-- TASK DIRECTIONS --
All entries are to be printed again exactly, with their images omitted.

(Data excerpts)
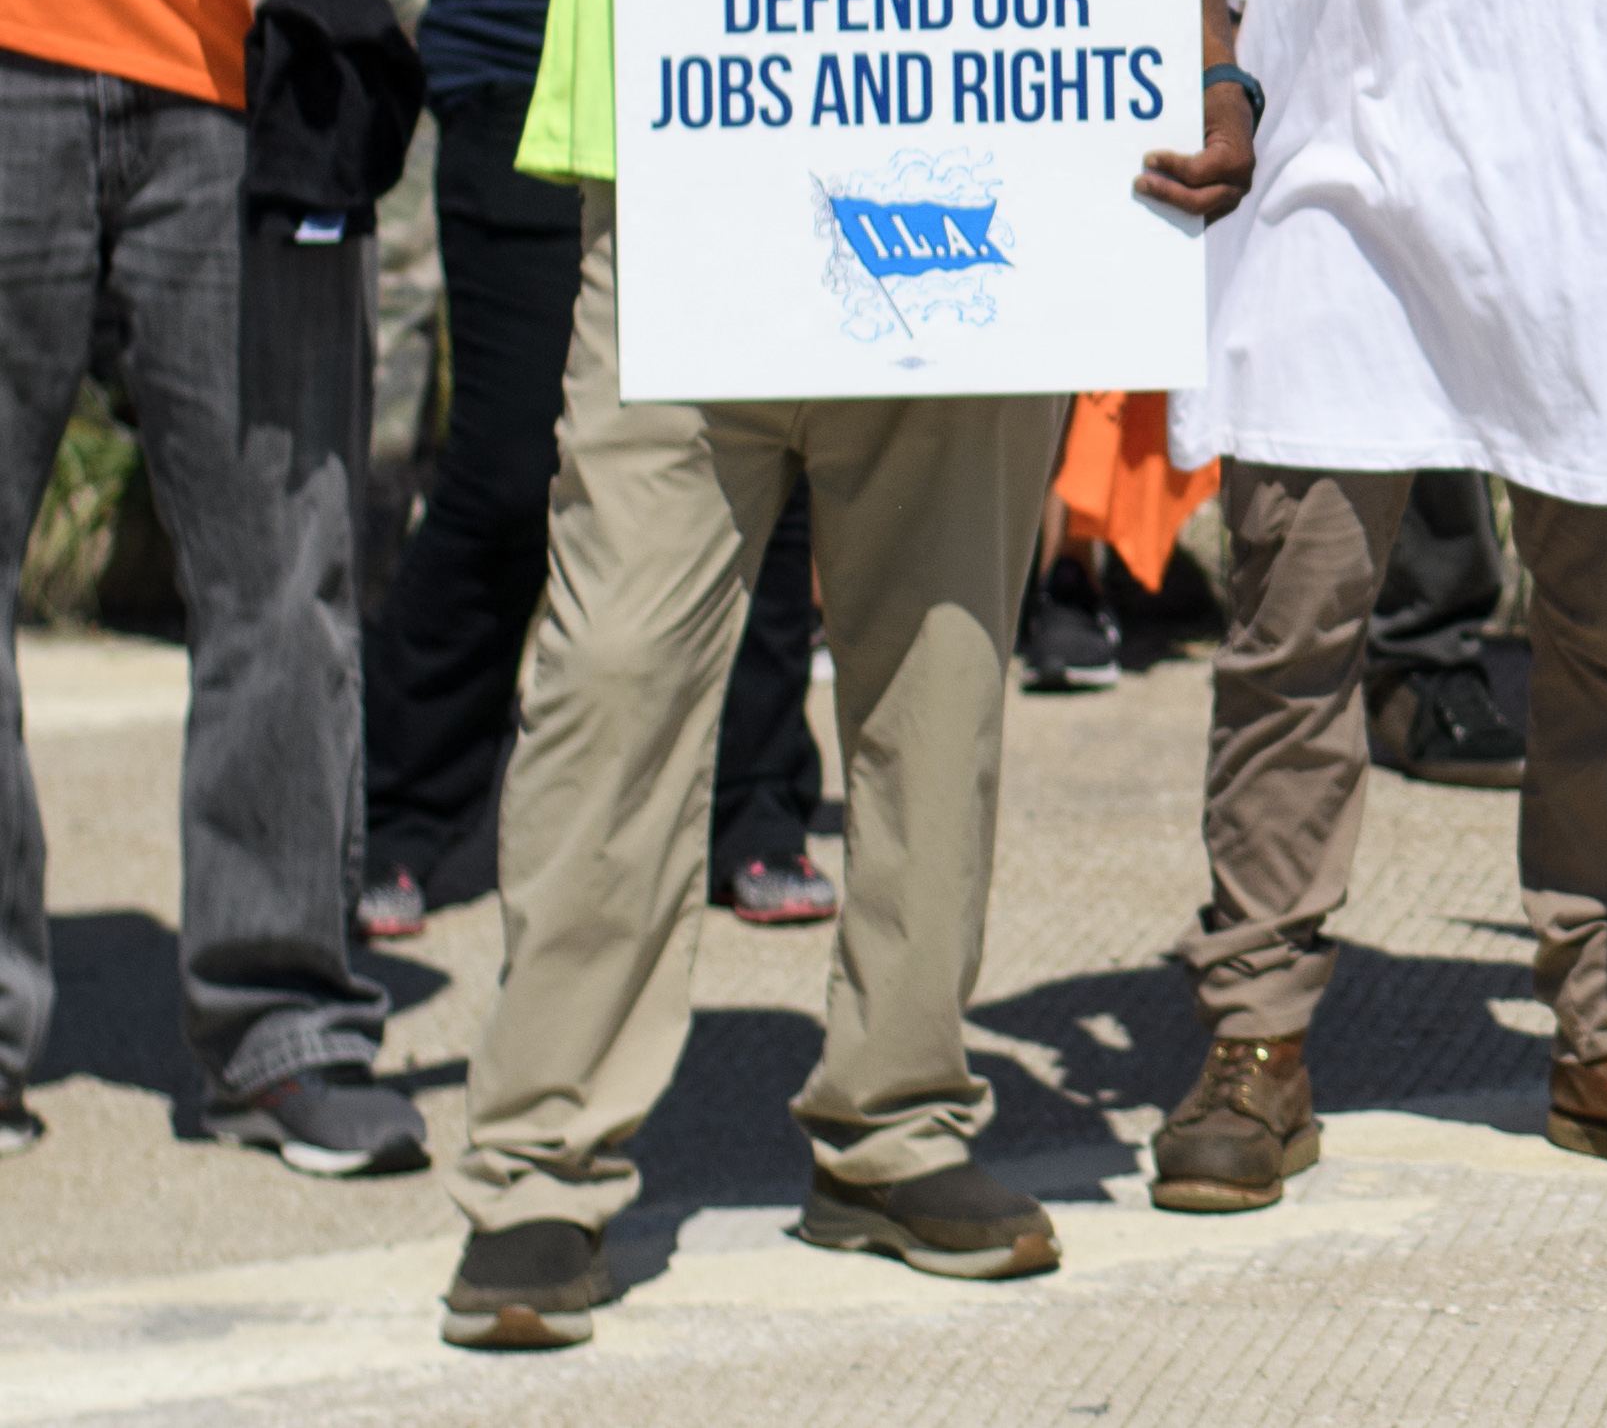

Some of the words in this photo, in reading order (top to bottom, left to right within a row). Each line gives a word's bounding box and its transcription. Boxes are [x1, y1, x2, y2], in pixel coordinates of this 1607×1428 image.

[651, 52, 794, 132] JOBS
[809, 50, 934, 128] AND
[951, 45, 1165, 126] RIGHTS
[855, 210, 992, 260] I.L.A.

-- REPLY --
Some of the words in this photo, in reading order (top to bottom, left to right within a row). Each line gives a word's bounding box and its transcription. Boxes are [x1, y1, x2, y2], in pixel coordinates of this 1607×1428 image.

[651, 52, 794, 132] JOBS
[809, 50, 934, 128] AND
[951, 45, 1165, 126] RIGHTS
[855, 210, 992, 260] I.L.A.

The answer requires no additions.